I felt good after declaring a major, even though I was hesitant filling out the paperwork. The deal is, if I am an Engineering major, I probably can't have any other majors, namely Biology, which is my thing. While this is a little sad, it certainly doesn't mean that I can't take upper level Biology classes or do research with a member of the Biology faculty, a small part of which I have gotten to know rather well.
A group of students involved, interested, and disgusted with the program met during midterms last week for a dinner and a chat with two alums of the program. Present were a swell guy named Cole in his second semester at CalTech, a young woman who works as a structural engineer in Cleveland named Angela, and about a dozen prospective engineers. We talked over pizza and Oreos about engineering, school, work, and just life, man.
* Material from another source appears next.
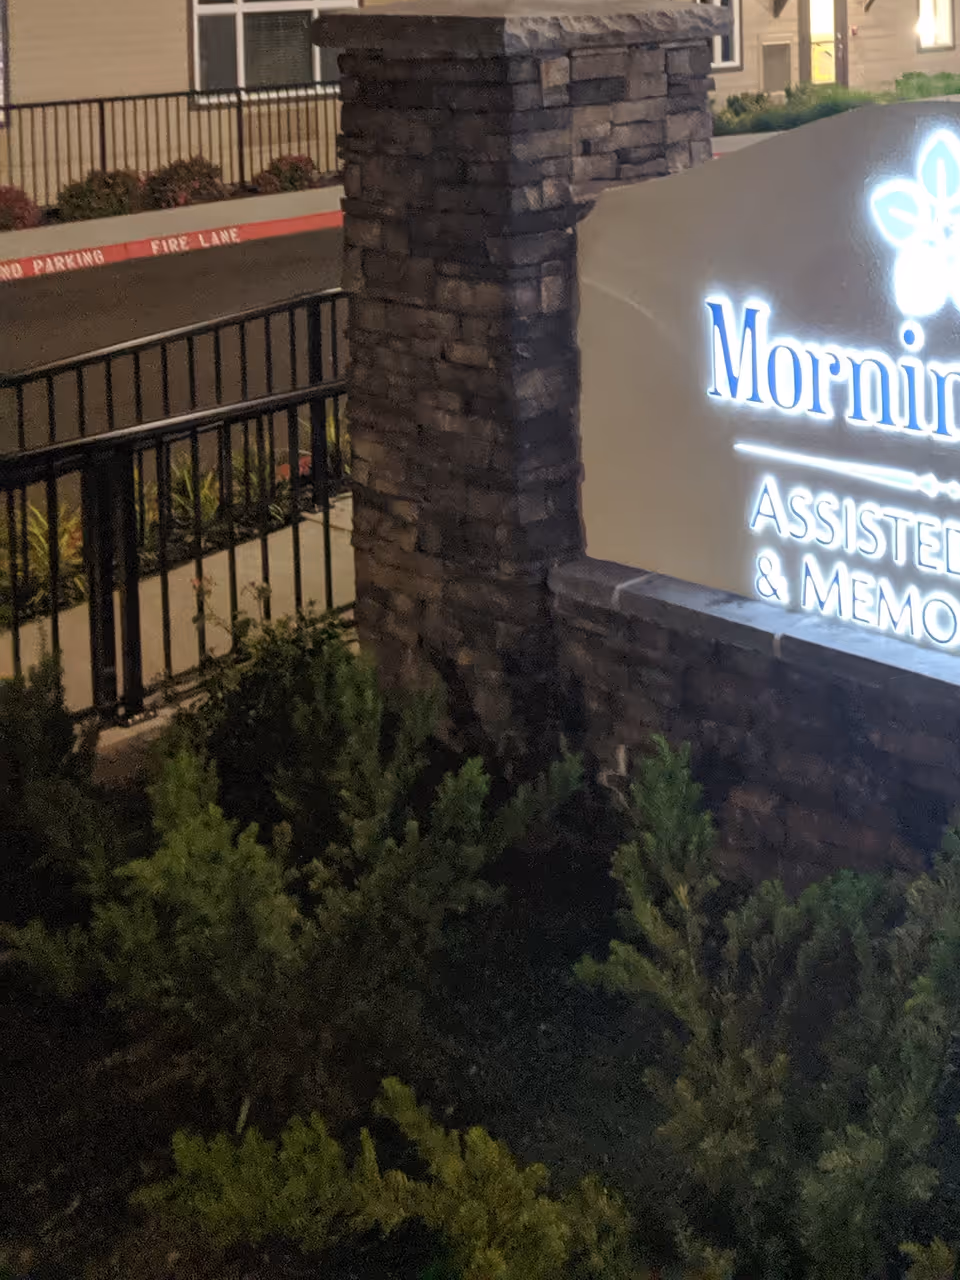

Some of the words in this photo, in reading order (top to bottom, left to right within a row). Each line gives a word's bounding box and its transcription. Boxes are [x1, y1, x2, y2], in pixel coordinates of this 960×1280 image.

[33, 250, 105, 274] PARKING
[150, 236, 190, 255] FIRE
[199, 228, 241, 248] LANE
[755, 552, 782, 601] &
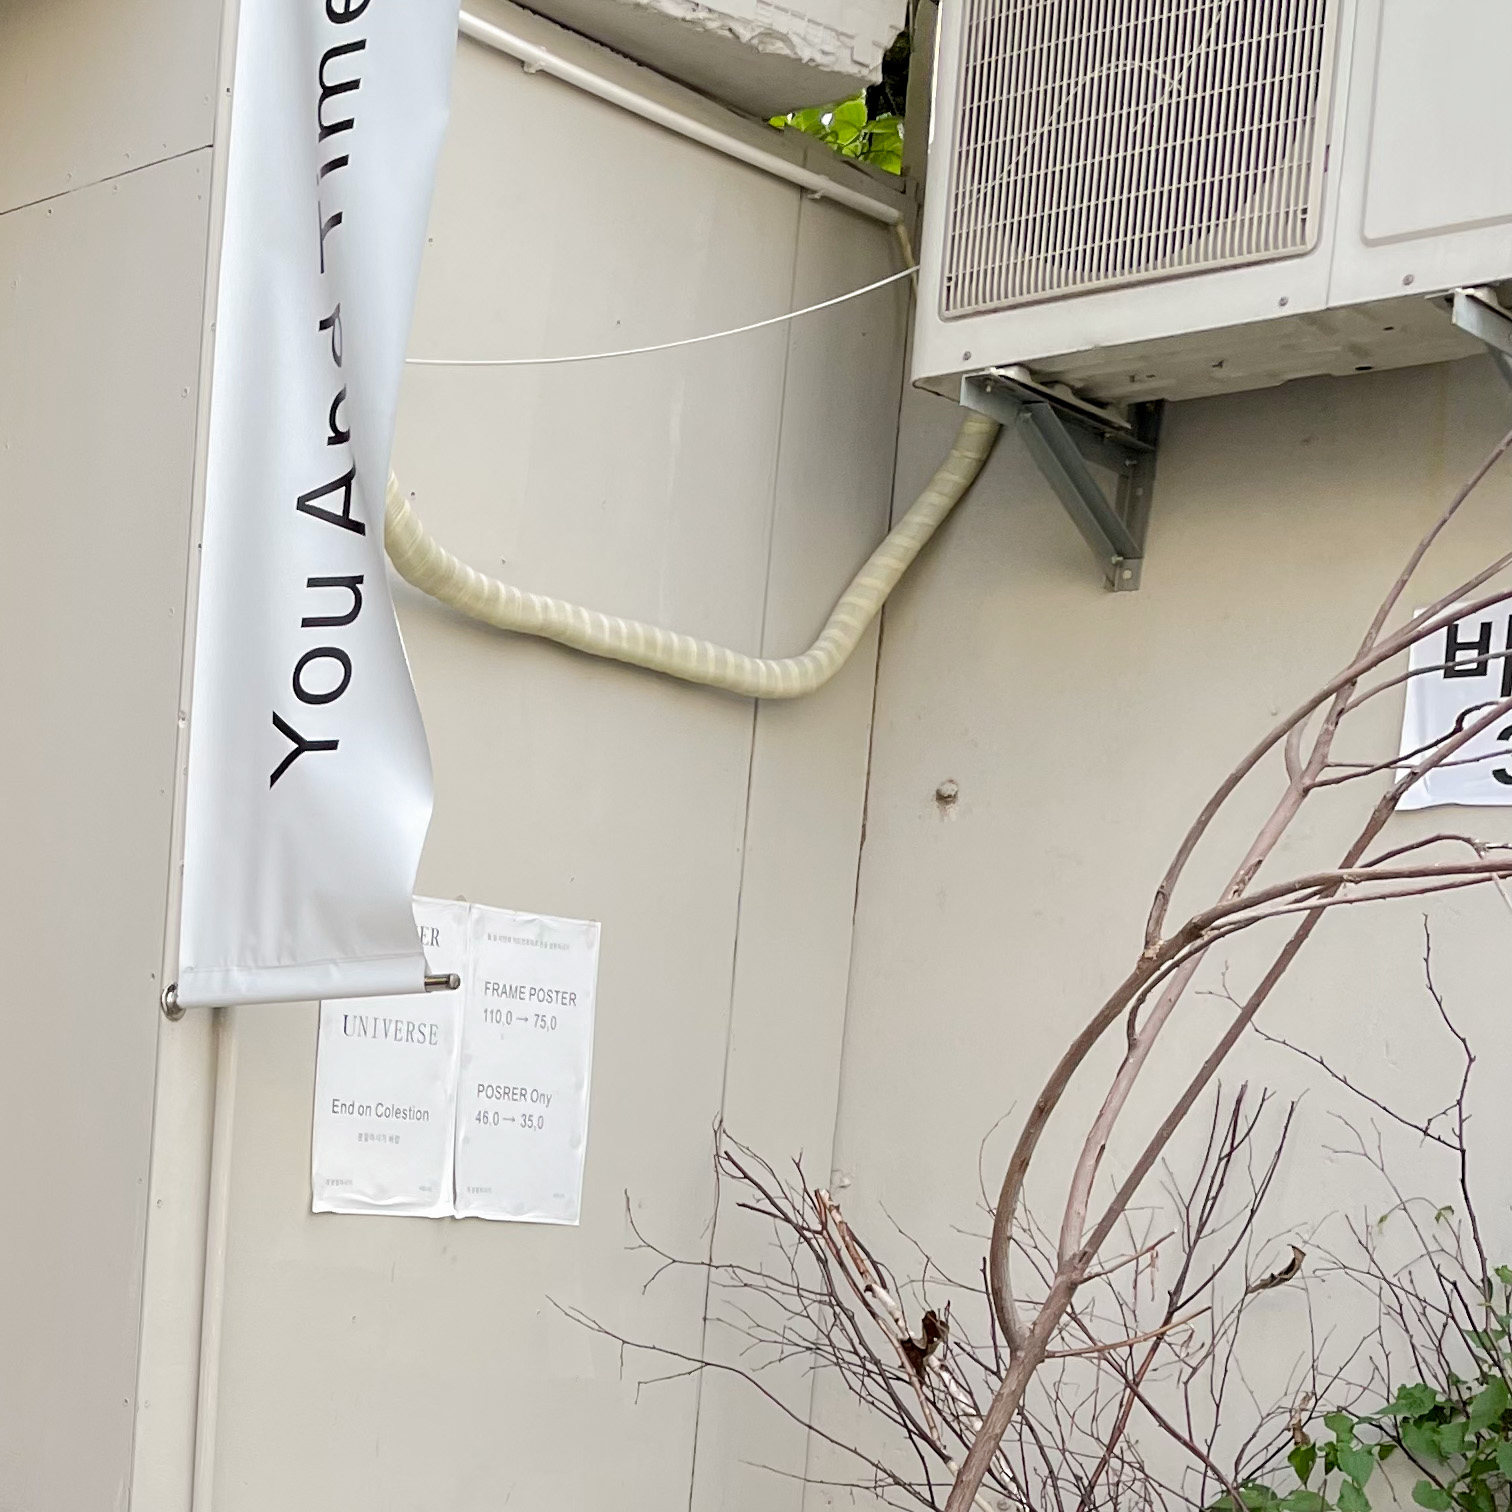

It was a really cool chance to chat with two people who had been through the program and had some insight as to how the program works for those of us who had little to no idea beforehand.
There was a fair bit of swashbucklin, some drinkin, and a bit of swabbin the deck, but it be done. The one known as Wispy-Chest Willy, sometimes called Joe, has come back from his journey to defeat the elusive major and has come back with the head of the fierce 3-2 Engineering Program beast hoisted high above his head. Not only has he come away with a major before his 56 credit-hour major indecisiveness period was over, but he learned that it's darn near impossible to talk in Pirate Speak for more than a single paragraph. Arg!